# [Excerpted records]
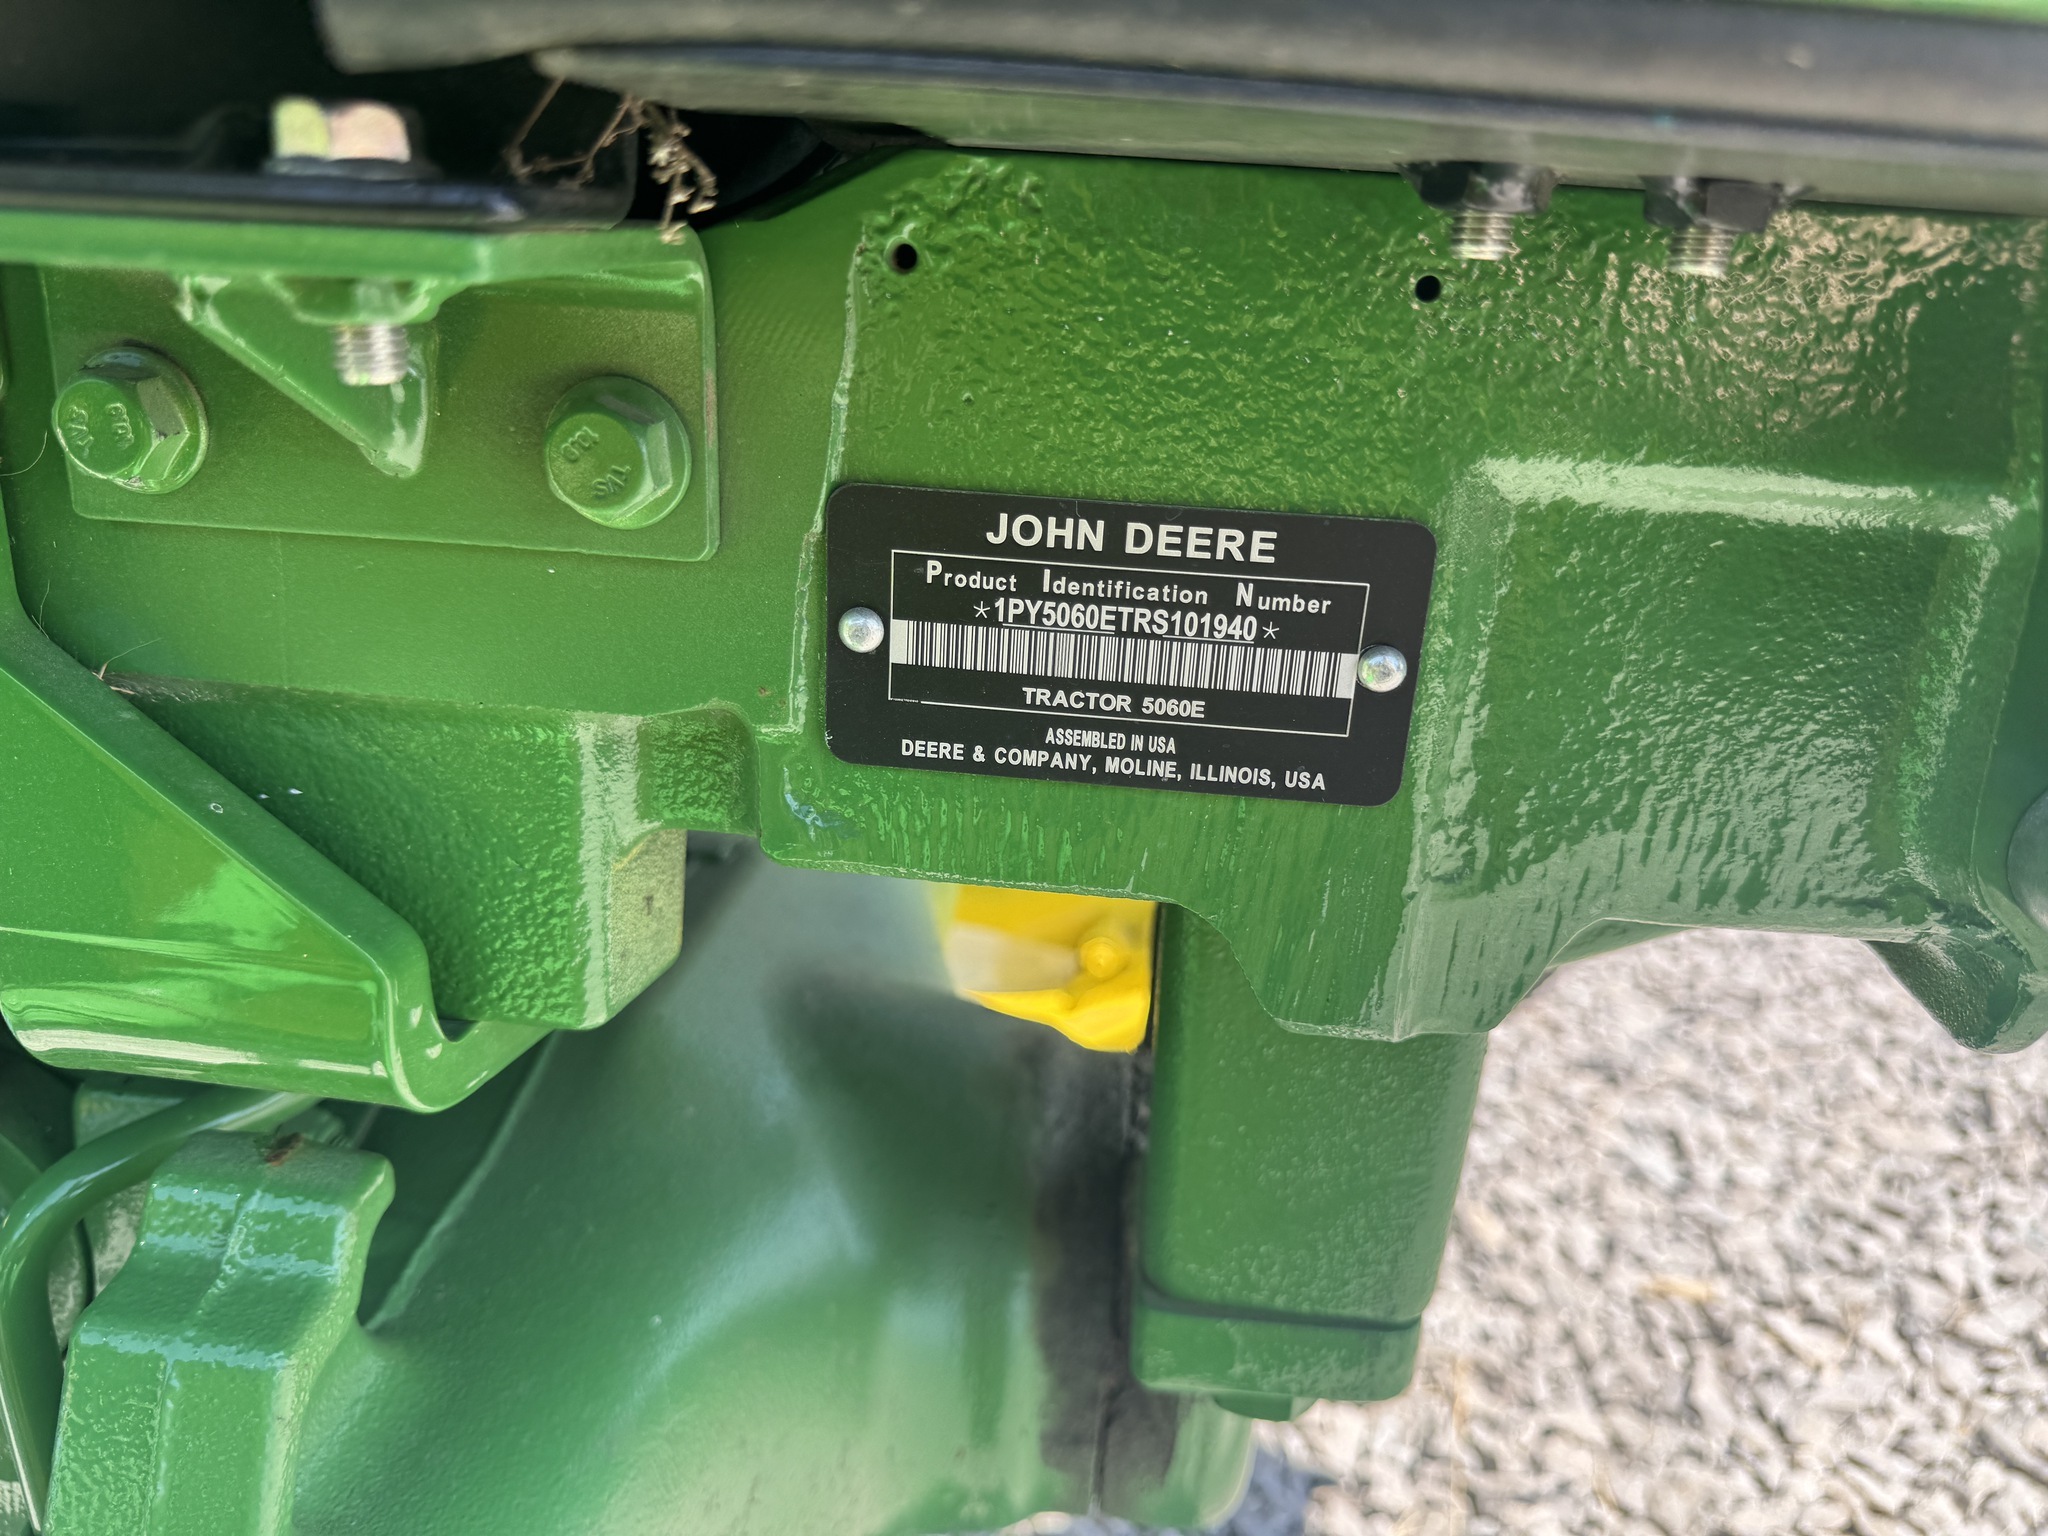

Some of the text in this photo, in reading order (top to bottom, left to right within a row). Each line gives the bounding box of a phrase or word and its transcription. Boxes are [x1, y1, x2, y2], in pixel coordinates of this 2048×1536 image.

[986, 512, 1278, 564] JOHN DEERE
[926, 560, 1332, 614] Product Identification Number
[1022, 687, 1206, 719] TRACTOR 5060E
[901, 738, 1326, 791] DEERE & COMPANY, MOLINE, ILLINOIS, USA
[1045, 727, 1176, 754] ASSEMBLED IN USA
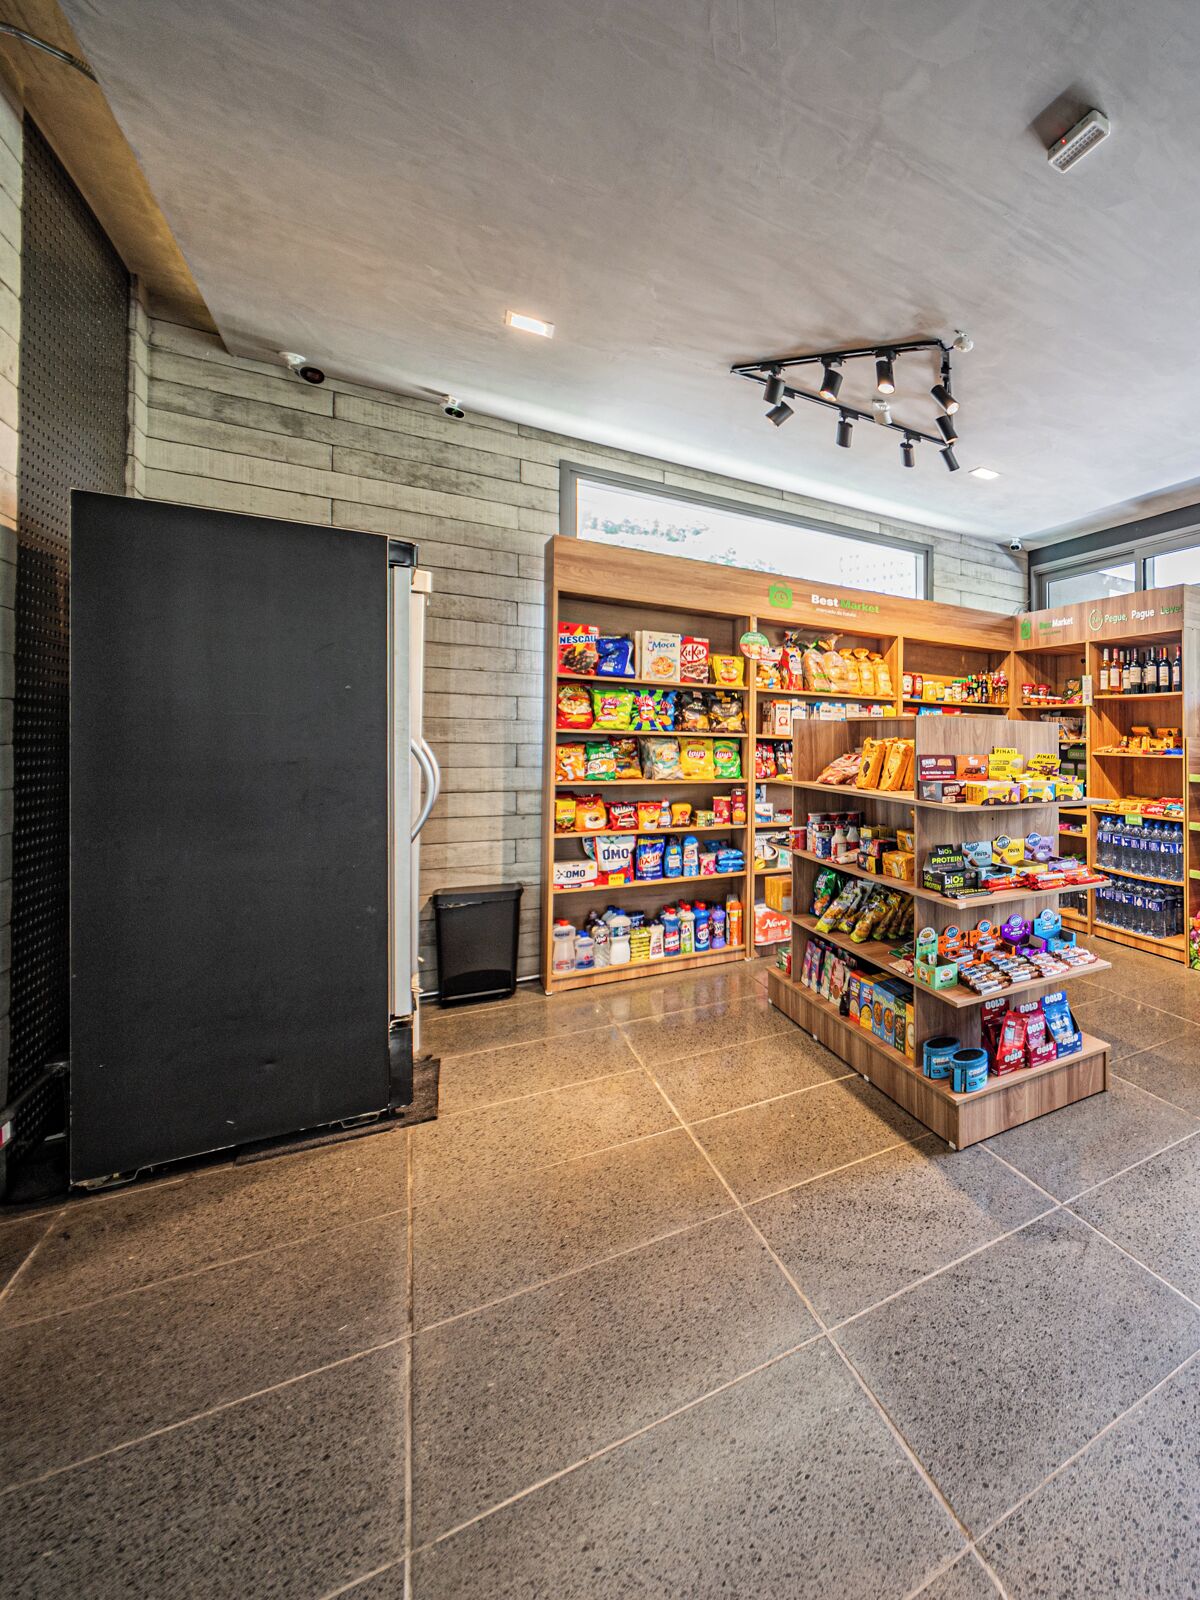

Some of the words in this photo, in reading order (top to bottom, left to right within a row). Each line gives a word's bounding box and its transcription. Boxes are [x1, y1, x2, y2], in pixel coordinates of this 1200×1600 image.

[811, 594, 839, 608] Best
[840, 598, 880, 614] Market
[1131, 609, 1155, 620] Pague
[1052, 616, 1073, 628] Market
[559, 634, 597, 645] NESCAU
[652, 641, 676, 649] Moça
[602, 848, 629, 861] OMO
[931, 856, 963, 864] PROTEIN
[566, 869, 586, 878] OMO
[762, 918, 787, 929] Neve
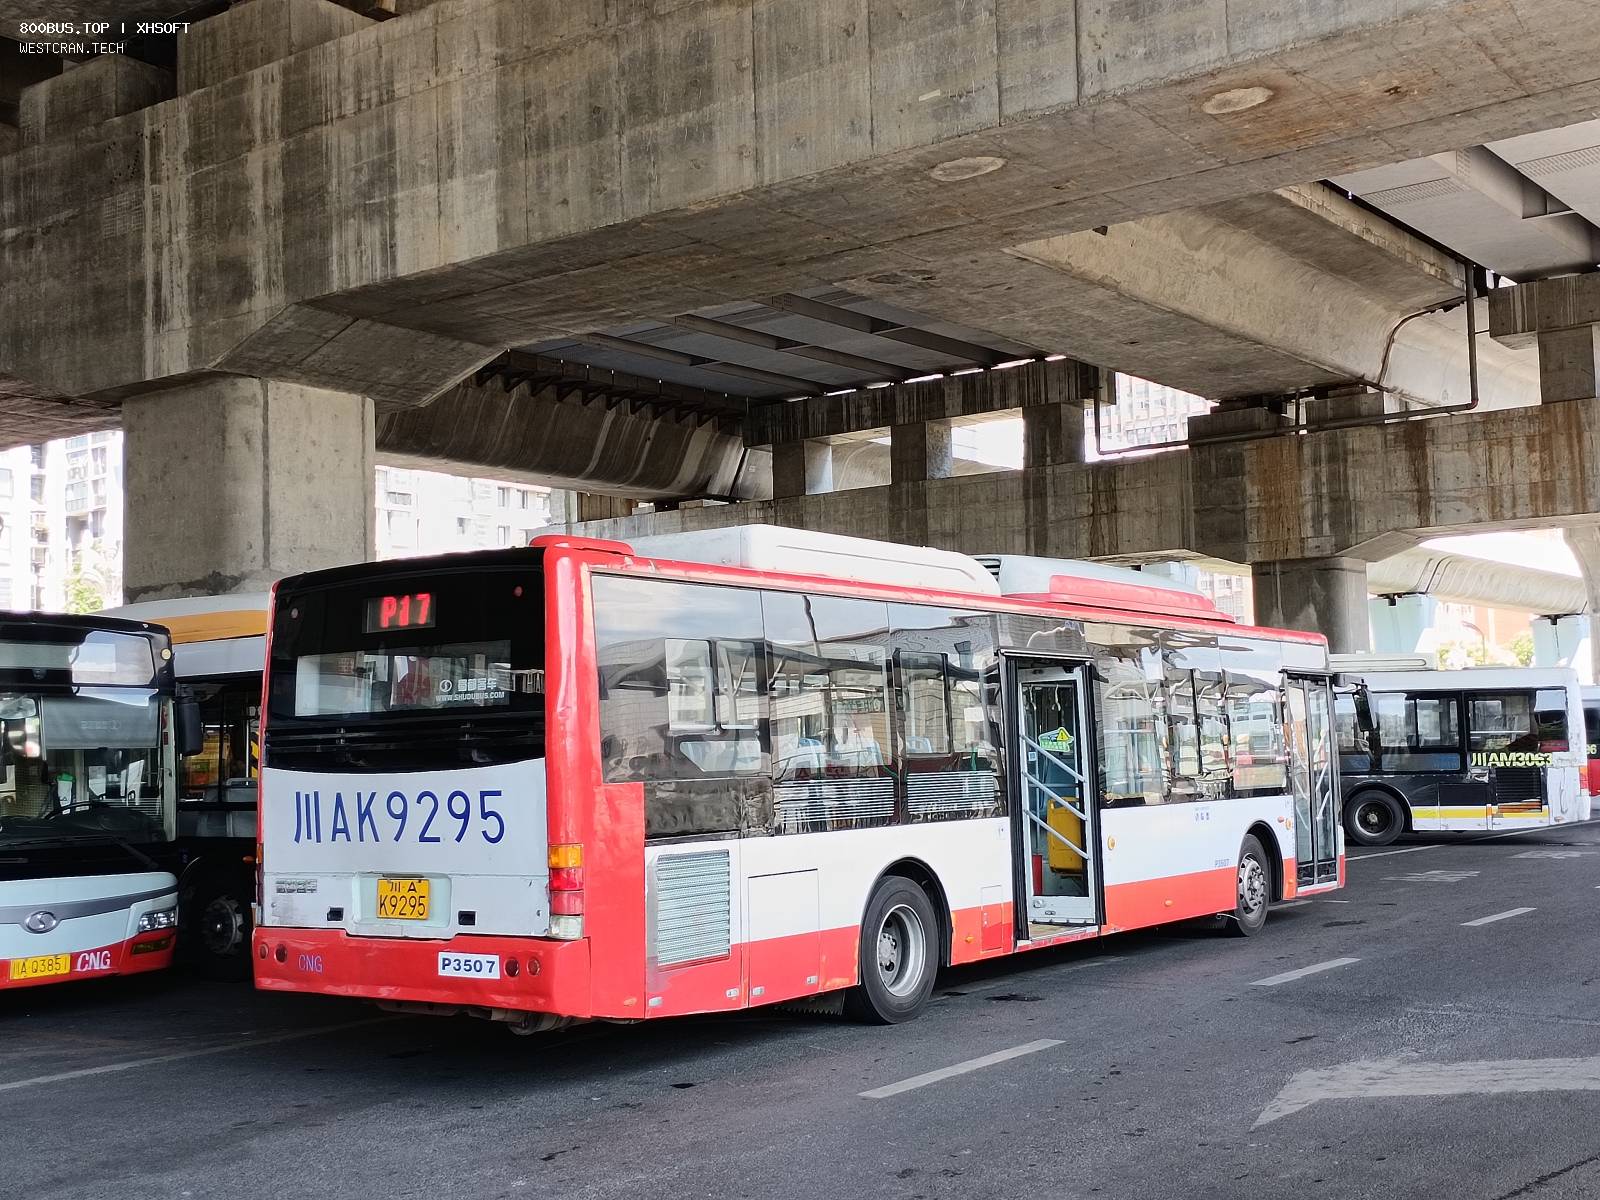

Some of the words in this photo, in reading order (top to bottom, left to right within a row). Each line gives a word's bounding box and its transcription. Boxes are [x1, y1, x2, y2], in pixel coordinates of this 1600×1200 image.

[381, 593, 431, 628] P17
[294, 790, 505, 843] 川AK9295
[379, 895, 426, 916] K9295
[77, 950, 111, 972] CNG
[298, 954, 323, 973] CNG
[441, 957, 496, 973] P3507

# [Exercise description]
Set the entries down again exactly. Do not include the images.

# [Task response]
Some of the text in this photo, in reading order (top to bottom, left to right within a row). Each line gives the bounding box of a phrase or word and its transcription. Boxes are [x1, y1, x2, y2], in pixel coordinates of this 2048×1536 image.

[986, 512, 1278, 564] JOHN DEERE
[926, 560, 1332, 614] Product Identification Number
[1022, 687, 1206, 719] TRACTOR 5060E
[901, 738, 1326, 791] DEERE & COMPANY, MOLINE, ILLINOIS, USA
[1045, 727, 1176, 754] ASSEMBLED IN USA

Some of the words in this photo, in reading order (top to bottom, left to right within a row). Each line gives a word's bounding box and its transcription. Boxes are [x1, y1, x2, y2], in pixel coordinates of this 1200×1600 image.

[811, 594, 839, 608] Best
[840, 598, 880, 614] Market
[1131, 609, 1155, 620] Pague
[1052, 616, 1073, 628] Market
[559, 634, 597, 645] NESCAU
[652, 641, 676, 649] Moça
[602, 848, 629, 861] OMO
[931, 856, 963, 864] PROTEIN
[566, 869, 586, 878] OMO
[762, 918, 787, 929] Neve

Some of the words in this photo, in reading order (top to bottom, left to right within a row). Each line gives a word's bounding box and its transcription. Boxes are [x1, y1, x2, y2], in pixel coordinates of this 1600×1200 image.

[381, 593, 431, 628] P17
[294, 790, 505, 843] 川AK9295
[379, 895, 426, 916] K9295
[77, 950, 111, 972] CNG
[298, 954, 323, 973] CNG
[441, 957, 496, 973] P3507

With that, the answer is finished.